Cette fois, c'est elle qui détourne la tête.

— Les aut'es disent qu'on a l'temps. Mais Scott dit qu'c'est quand même une conn'rie, intervient tout à coup Dwight, relayant l'opinion du reste de notre troupe, à qui il a transmis la conversation au fur et à mesure de son déroulement.

Oscar hausse les sourcils à l'intention de son aîné, soulignant le soutien qu'elle a de leur cadet à tous les deux. Clay secoue la tête et ouvre la marche vers notre nouvelle destination intermédiaire. J'ai pour ma part toujours cet impérieux besoin que nous sortions tous de cette satanée prison au plus vite, et revenir sur nos pas ne va pas pour le calmer. Nous passons une première porte sur notre droite, incroyablement facile à forcer car uniquement verrouillée par un cadenas. Nous descendons ensuite un escalier, direction le sous-sol, dont l'intégralité semble en fait réservée aux archives. Je n'ai pas le temps de me demander si Clay sait réellement où il va qu'il nous entraîne déjà à travers le dédale d'étagères sur rails. Tout est étiqueté et trié, et il n'est par conséquent pas difficile pour lui de trouver son numéro de détenu. Pour quelqu'un qui s'est fait tabasser, je trouve même qu'il court plutôt vite. Il fait tourner la roue permettant d'écarter l'étagère de ses voisines, et s'introduit seul dans l'interstice, Oz, Dwight, et moi jugeant qu'il n'a pas besoin de notre aide. Nous l'entendons desceller un carton et y farfouiller en vitesse avant de ressortir, un portefeuille dans une main et l'autre refermée sur un objet qu'on ne peut donc pas identifier.

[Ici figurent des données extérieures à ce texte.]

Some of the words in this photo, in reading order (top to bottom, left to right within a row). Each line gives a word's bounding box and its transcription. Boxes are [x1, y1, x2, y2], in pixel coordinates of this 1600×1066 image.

— J'ai tout ce qu'il me faut, il déclare simplement.

Sa sœur secoue la tête avant de poser sèchement sa main sur sa joue, mimant une gifle sans en prendre l'élan.

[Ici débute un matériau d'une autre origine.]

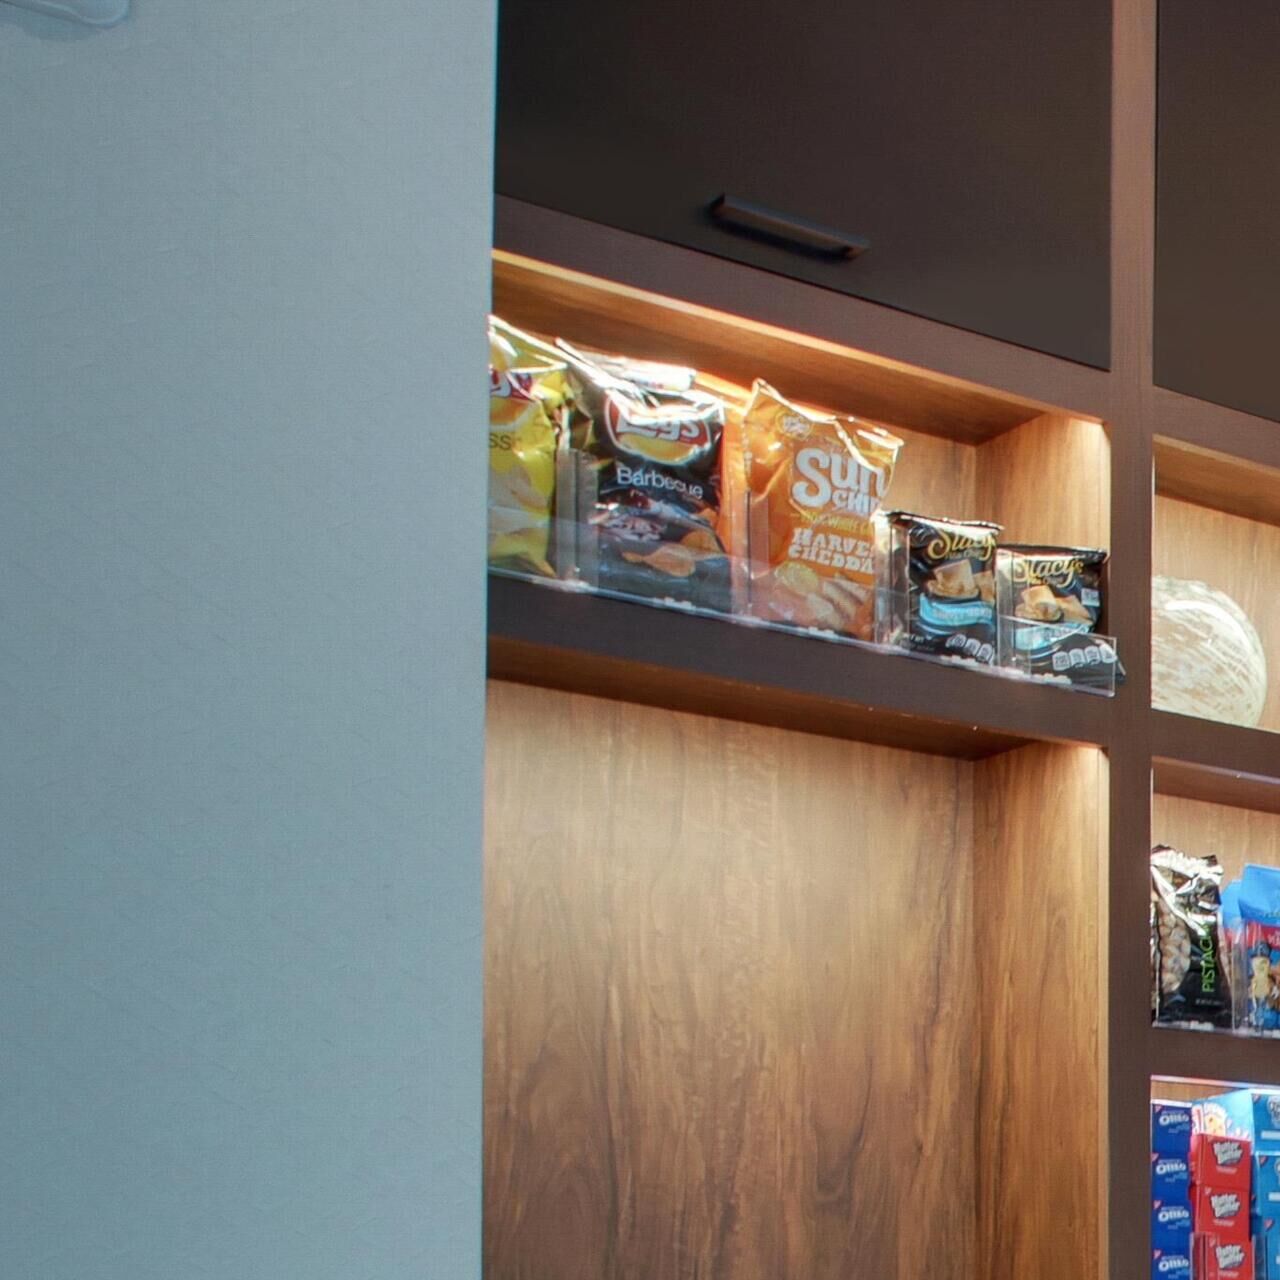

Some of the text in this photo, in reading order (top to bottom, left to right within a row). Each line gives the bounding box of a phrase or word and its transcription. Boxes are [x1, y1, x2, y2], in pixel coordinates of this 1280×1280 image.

[616, 466, 704, 501] Barbecue
[792, 527, 876, 558] HARVE
[1159, 1113, 1190, 1126] OREO
[1156, 1162, 1187, 1175] OREO
[1158, 1209, 1190, 1222] OREO
[1158, 1258, 1189, 1272] OREO
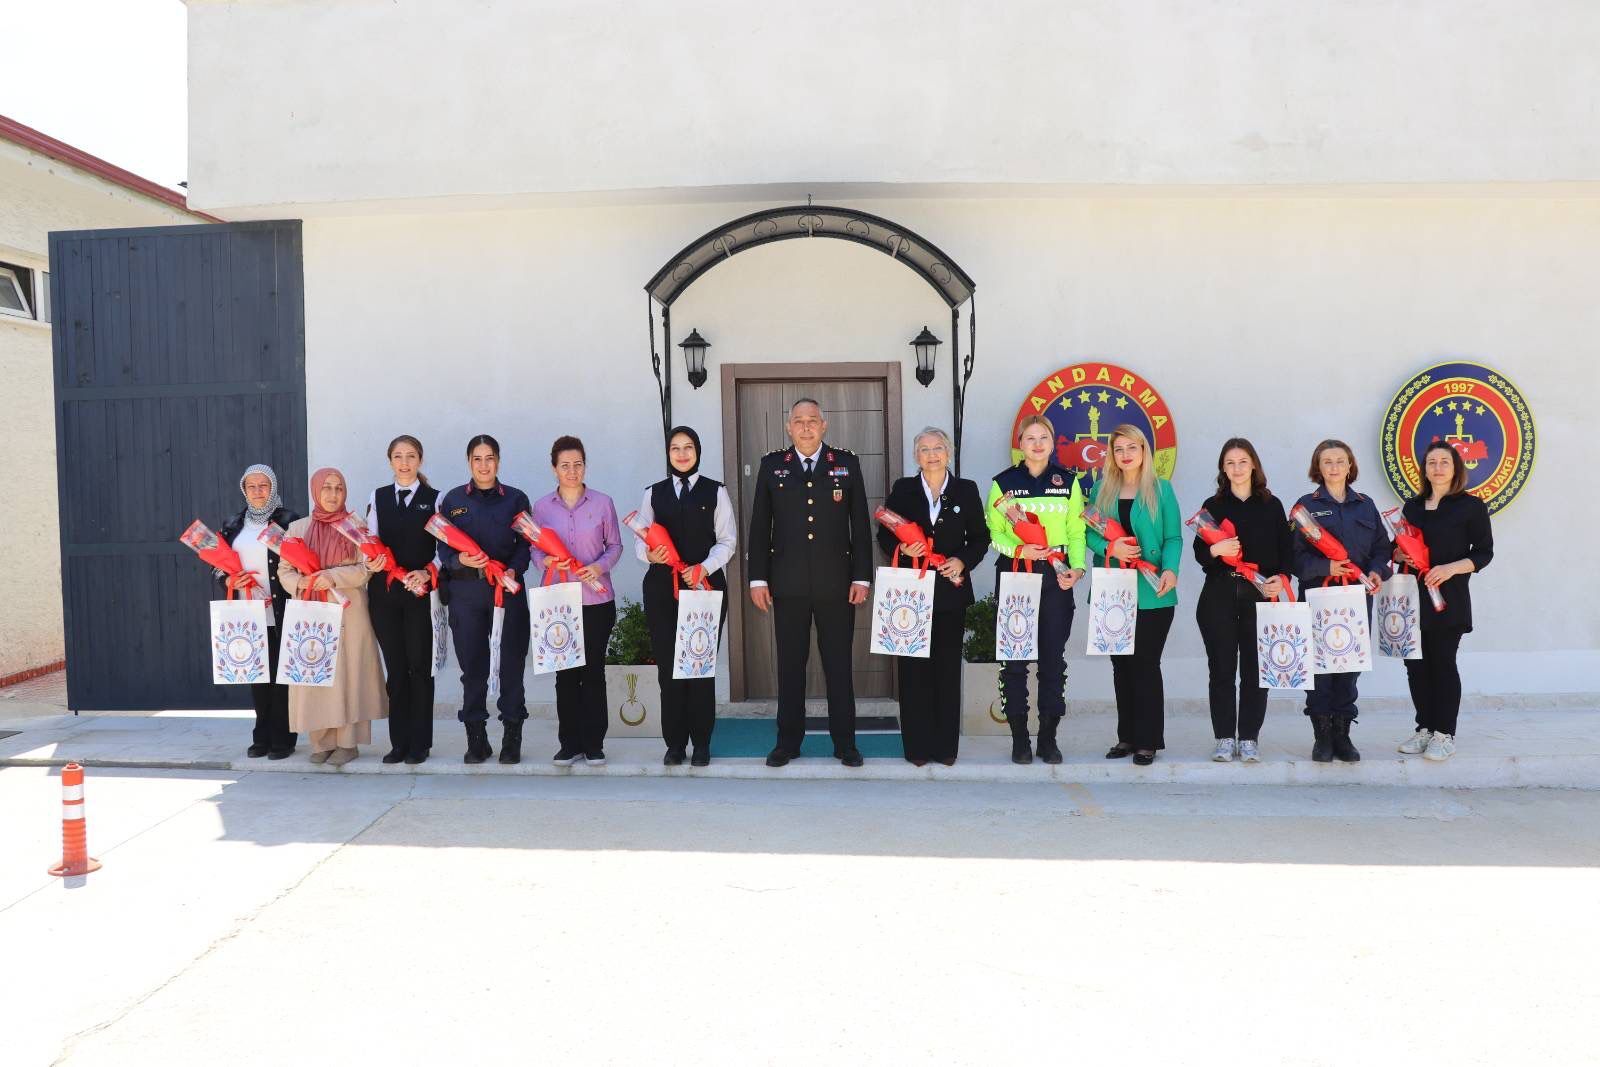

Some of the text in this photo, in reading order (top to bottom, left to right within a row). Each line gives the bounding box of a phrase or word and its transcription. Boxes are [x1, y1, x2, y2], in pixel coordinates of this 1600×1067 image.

Sans rien ajouter à son geste symbolique, Oscar ouvre ensuite la marche jusqu'à l'escalier. Il est enfin temps pour nous tous de quitter ce maudit complexe. Deux derniers gardes drogués et je-ne-sais-pas-exactement combien de portes plus tard, nous retrouvons l'air libre. La nuit est tombée, mais ça ne peut que nous rendre service, car non seulement nous serons dissimulés, mais surtout Clay ne peut pas voir LeX sauter du toit de la prison et se réceptionner en souplesse, d'abord sur ses pieds puis y ajoutant ses mains. Il est déjà suffisamment surpris de découvrir que notre homme sur le toit est en fait une petite blonde poids plume, bien qu'il n'émette aucun commentaire sur le sujet. Notre moyen de transport vient jusqu'à nous, et démarre dès que nous refermons ses portières derrière lui. À partir de cet instant, je sais que nous ne rencontrerons plus de problème, car le nœud que j'avais au ventre commence à s'évaporer.